## WORK ORDER:
Restate all entries word for word, minus pictures.
━━━ SUPPLIED ENTRIES ━━━
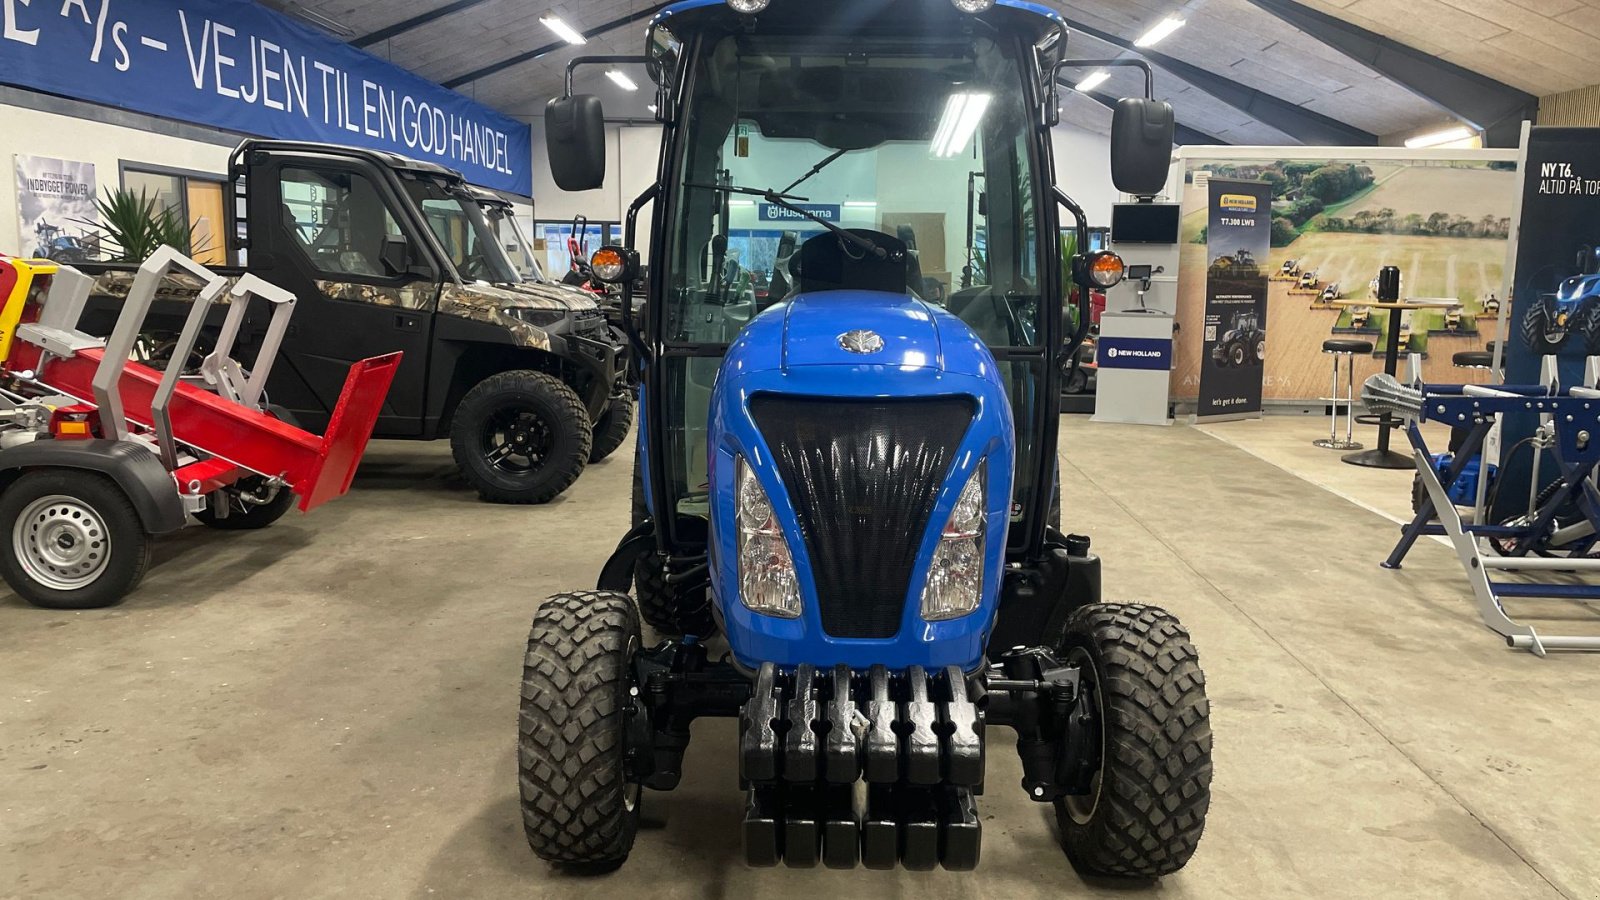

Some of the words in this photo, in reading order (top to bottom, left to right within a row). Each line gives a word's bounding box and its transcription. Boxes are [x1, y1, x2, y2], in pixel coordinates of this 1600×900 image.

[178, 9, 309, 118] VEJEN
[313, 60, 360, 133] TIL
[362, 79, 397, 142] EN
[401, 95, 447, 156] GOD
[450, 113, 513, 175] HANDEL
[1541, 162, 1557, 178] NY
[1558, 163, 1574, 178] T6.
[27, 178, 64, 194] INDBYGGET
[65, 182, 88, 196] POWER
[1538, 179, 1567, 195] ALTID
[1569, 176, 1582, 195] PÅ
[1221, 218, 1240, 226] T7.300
━━━
## TASK RESULT:
Some of the words in this photo, in reading order (top to bottom, left to right within a row). Each line gives a word's bounding box and its transcription. Boxes are [x1, y1, x2, y2], in pixel coordinates of this 1600×900 image.

[178, 9, 309, 118] VEJEN
[313, 60, 360, 133] TIL
[362, 79, 397, 142] EN
[401, 95, 447, 156] GOD
[450, 113, 513, 175] HANDEL
[1541, 162, 1557, 178] NY
[1558, 163, 1574, 178] T6.
[27, 178, 64, 194] INDBYGGET
[65, 182, 88, 196] POWER
[1538, 179, 1567, 195] ALTID
[1569, 176, 1582, 195] PÅ
[1221, 218, 1240, 226] T7.300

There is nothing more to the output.